Deep tech embodies a specific approach to creation, launch, and commercialization. Various enterprises have different names for this creative process, but all successful deep tech ventures share four basic attributes:

  • They are problem oriented. Deep tech ventures aim to solve large and fundamental challenges to society. For example, 97% of deep tech ventures we have studied contribute to meeting at least one of the United Nations’ Sustainable Development Goals.
  • They look at using the best existing or emerging technologies to solve the problem at hand. These solutions harness advanced materials, synthetic biology, artificial intelligence, or quantum technologies; 96% of deep tech ventures use at least two technologies, and 66% use more than one advanced technology. This enables them to generate distinctive intellectual property. About 70% of deep tech ventures own patents related to their products or services.
  • They have shifted from digital innovation—based on bits—to digital and physical innovation—based on bits and atoms. About 83% of deep tech ventures are designing and building a physical product.

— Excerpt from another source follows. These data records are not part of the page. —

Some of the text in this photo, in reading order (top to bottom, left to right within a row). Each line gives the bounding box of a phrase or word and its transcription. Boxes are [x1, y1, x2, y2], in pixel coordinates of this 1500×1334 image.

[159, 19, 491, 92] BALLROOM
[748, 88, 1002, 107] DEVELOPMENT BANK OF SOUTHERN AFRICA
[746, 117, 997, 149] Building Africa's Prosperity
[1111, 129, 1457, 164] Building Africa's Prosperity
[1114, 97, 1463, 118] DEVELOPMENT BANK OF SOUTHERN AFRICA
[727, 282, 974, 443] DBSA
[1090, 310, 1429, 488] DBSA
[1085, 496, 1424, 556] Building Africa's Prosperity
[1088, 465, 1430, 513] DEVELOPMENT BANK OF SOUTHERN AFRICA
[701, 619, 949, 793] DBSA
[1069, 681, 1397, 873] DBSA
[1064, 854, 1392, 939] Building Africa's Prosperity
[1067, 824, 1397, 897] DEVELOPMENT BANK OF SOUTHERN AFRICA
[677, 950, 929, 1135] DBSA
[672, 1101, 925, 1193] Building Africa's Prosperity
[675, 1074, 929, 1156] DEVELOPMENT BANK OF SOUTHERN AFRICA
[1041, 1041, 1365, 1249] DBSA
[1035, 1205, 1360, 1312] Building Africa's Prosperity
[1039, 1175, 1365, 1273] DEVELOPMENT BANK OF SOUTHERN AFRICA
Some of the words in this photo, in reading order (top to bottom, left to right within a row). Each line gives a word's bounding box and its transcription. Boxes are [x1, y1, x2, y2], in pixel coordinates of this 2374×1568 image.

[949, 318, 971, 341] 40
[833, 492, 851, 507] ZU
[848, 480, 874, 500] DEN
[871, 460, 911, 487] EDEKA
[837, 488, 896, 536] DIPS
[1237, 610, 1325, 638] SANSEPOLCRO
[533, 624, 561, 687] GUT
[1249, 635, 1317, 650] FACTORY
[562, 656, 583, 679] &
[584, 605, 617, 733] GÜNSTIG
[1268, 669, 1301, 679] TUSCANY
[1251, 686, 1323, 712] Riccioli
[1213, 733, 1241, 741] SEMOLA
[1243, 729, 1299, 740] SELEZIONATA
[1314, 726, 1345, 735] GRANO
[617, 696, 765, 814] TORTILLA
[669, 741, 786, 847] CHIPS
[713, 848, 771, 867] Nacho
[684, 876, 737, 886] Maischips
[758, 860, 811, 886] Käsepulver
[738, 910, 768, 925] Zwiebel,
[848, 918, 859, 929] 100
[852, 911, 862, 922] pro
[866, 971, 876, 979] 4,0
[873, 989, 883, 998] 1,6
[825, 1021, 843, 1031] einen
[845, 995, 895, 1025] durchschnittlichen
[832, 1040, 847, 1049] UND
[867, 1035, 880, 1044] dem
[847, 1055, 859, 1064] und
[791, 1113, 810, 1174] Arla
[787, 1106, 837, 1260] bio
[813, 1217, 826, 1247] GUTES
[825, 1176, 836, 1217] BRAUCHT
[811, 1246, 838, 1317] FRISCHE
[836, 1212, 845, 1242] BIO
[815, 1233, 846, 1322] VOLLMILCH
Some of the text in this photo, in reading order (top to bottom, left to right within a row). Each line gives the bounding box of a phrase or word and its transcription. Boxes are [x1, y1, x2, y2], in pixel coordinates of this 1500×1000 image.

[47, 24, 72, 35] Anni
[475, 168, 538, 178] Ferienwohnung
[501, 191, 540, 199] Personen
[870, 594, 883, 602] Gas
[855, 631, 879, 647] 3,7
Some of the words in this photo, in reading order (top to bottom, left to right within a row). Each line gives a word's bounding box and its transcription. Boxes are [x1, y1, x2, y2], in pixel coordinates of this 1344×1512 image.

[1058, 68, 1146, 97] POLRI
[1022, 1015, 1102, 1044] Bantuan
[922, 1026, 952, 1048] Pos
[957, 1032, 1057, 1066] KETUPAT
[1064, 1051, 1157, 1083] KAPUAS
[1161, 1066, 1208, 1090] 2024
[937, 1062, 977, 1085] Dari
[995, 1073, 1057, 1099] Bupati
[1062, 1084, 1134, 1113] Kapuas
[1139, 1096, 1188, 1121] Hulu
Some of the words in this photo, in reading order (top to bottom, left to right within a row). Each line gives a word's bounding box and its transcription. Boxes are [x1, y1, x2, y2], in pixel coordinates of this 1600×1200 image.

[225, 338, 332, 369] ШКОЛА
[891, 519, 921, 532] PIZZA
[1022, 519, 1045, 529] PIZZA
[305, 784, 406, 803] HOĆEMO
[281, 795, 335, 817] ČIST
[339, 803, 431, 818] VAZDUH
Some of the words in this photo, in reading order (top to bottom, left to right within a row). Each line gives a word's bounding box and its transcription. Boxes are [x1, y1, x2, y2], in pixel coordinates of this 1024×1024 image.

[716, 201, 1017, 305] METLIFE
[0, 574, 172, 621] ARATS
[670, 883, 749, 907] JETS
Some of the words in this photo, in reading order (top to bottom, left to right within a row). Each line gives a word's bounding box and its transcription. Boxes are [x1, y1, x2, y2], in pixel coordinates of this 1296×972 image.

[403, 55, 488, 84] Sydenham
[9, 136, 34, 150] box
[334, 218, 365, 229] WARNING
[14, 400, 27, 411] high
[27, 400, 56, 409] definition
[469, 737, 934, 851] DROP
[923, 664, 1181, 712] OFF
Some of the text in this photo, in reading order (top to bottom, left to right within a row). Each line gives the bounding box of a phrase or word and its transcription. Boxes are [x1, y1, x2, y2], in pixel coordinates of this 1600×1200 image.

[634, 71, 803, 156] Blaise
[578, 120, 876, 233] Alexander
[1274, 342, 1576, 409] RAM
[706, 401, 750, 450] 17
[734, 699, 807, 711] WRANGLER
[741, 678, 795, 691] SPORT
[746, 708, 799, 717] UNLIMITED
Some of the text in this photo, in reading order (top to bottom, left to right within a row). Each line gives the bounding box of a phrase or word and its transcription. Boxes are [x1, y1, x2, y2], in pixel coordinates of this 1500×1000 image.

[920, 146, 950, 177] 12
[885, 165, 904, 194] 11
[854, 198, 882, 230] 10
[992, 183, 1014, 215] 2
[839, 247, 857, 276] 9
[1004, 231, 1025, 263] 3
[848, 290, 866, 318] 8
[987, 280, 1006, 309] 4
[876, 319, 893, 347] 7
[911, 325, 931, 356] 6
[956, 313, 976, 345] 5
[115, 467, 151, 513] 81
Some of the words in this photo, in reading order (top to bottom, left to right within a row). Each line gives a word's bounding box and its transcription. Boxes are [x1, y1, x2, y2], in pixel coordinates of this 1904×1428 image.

Their digital proficiency is focused on using artificial intelligence, machine learning, and advanced computation to explore frontiers in physics, chemistry, and biology.
  • They are catalyzing the emergence of a new cross-organizational ecosystem for investment, support, basic research, and application development. Because of the complexity and large scale of these innovations, and the deep scientific background that is needed to drive them, they involve large institutions and funding sources from the start. It is impossible for two entrepreneurial college dropouts in a garage to come up with a meaningful deep tech contribution on their own. An estimated 1,500 universities and research labs are involved in deep tech. [See “The Awakening of Funding Sources.”]

THE AWAKENING OF FUNDING SOURCES

A wide range of investors and funding organizations are waking up to the possibilities of deep tech. If they are to participate more fully in this field, they must resolve some of the constraints in their existing practices and dynamics.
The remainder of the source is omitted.